Aged 23 and currently employed at the Sheraton, Lui uses any time off work to take care of his family’s pineapple plantation.
He admits that his family goes through a lot of problems, but there is always a way out.
“There are a lot of problems we face,” Lui told the Village Voice.
“It’s the usual problems which come when you are lazy and do not work hard. One of the main problems faced by my family is the state of the house.
“I live in town but my family has used this house for many years now. We are actually trying to fix up the house and the money we make from the pineapples will go a long way towards that goal.
“We try not to rely on the strength of others; we try and do the work on our own.”
With many young adults prancing around the town area causing trouble, Lui says that there are more important things in life to use your time with.
“I hear of a lot of trouble caused by young adults in town,” he said.
“Unlike those youths, I hate wasting time on unnecessary things. Other than always going down to town and causing trouble; the youth should be helping out with their families.
“If you love your family then do things like this, use your time to grow some pineapples or bananas which can earn your family some money. That’s what I live by.”
He mentions that aside from earning money from his job, pineapples can earn you a quick sum if you keep at it.
“I am employed and today is my day off,” Lui said.
“I work at the Sheraton and when I am resting then I use my free time to grow some pineapples because it’s one of the only things that really grow well here.
“Pineapples are a very fast source of money. My family has been doing this for a while now.”
But the money depends on how many crops you work to grow.
“The money we get depends on how many pineapples grow well,” Lui said.
“If I harvest 50 pineapples then on that day I can make about $200 from it. Growing these crops is very important to family’s living in this village.
“I actually live in Apia, and this is my uncle’s place.

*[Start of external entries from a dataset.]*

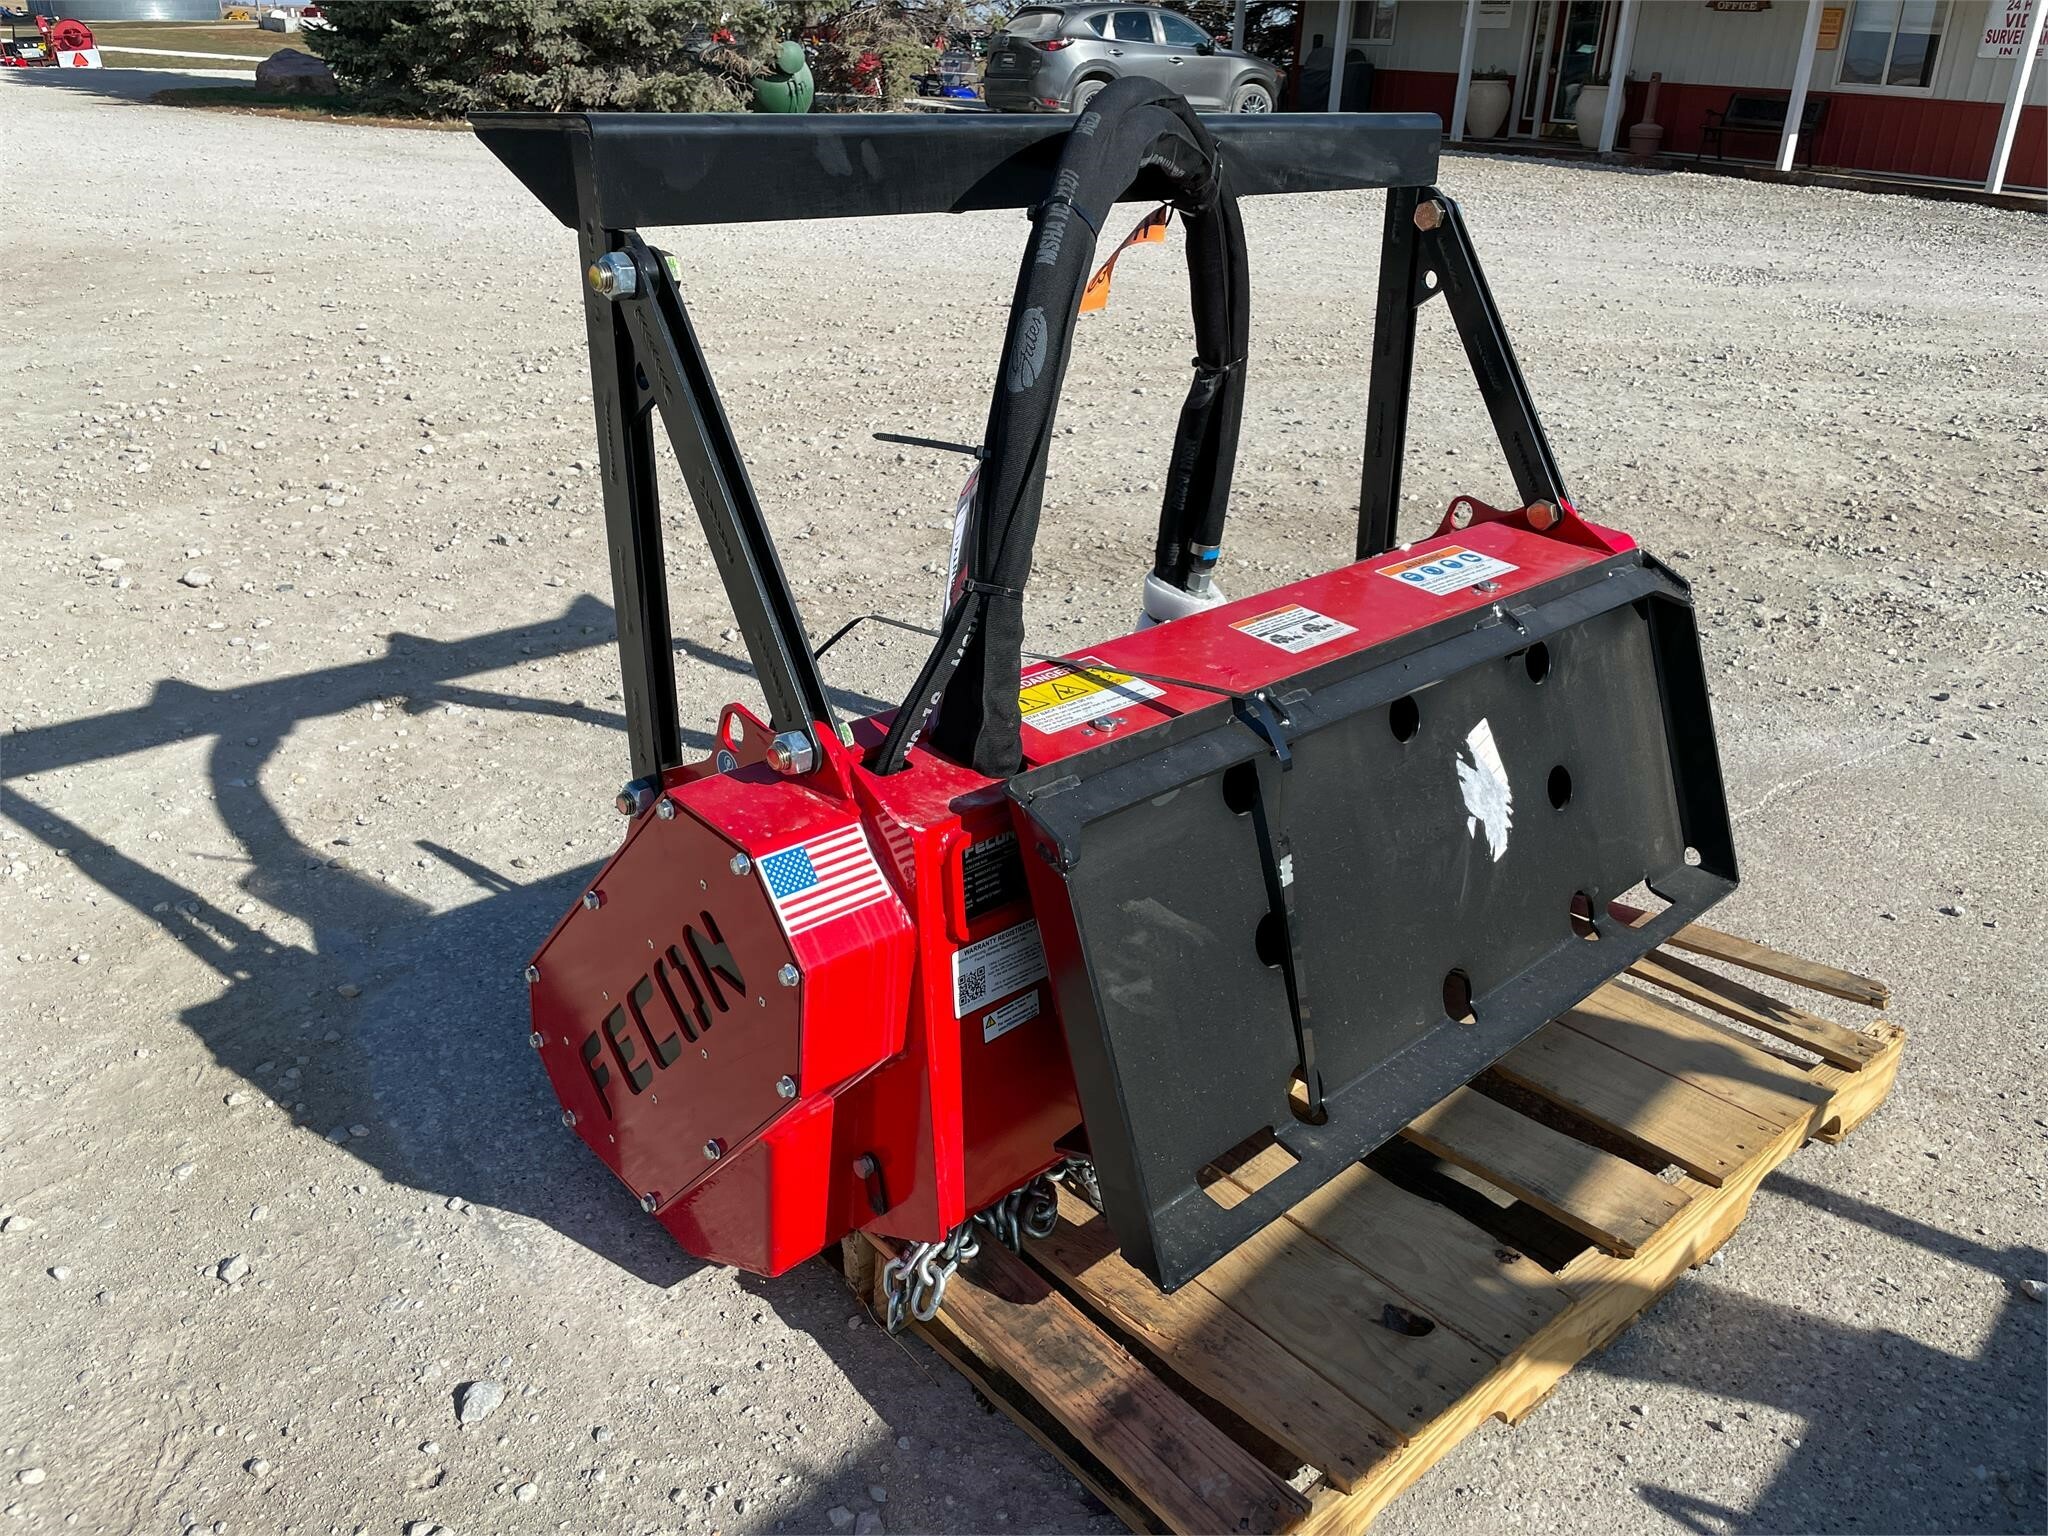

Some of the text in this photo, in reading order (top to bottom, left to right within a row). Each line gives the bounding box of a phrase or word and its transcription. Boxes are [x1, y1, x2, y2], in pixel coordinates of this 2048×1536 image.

[1717, 1, 1758, 10] OFFICE
[2007, 0, 2021, 11] 24
[1999, 47, 2013, 55] IN
[1035, 222, 1067, 266] MSHA
[1011, 316, 1042, 387] Gates
[1023, 667, 1075, 687] DANGER
[964, 937, 998, 956] WARRANTY
[997, 922, 1036, 940] REGISTRATIO
[579, 910, 747, 1121] FECON

My family left for Australia so I am just cleaning up a little and taking care of the place.”
No matter how busy he gets, Lui will always find time to take care of his crops.
“I always try and find time off to tend to my pineapples,” he said.
“The Lord provides for us and if you do work hard like this then you won’t struggle in life. I don’t believe there is any poverty in Samoa.
“If there was poverty then you will find people really starving to death and we don’t have that in Samoa. We are blessed with good land.
“To be honest, the money farmers make is much more than those who work in offices.”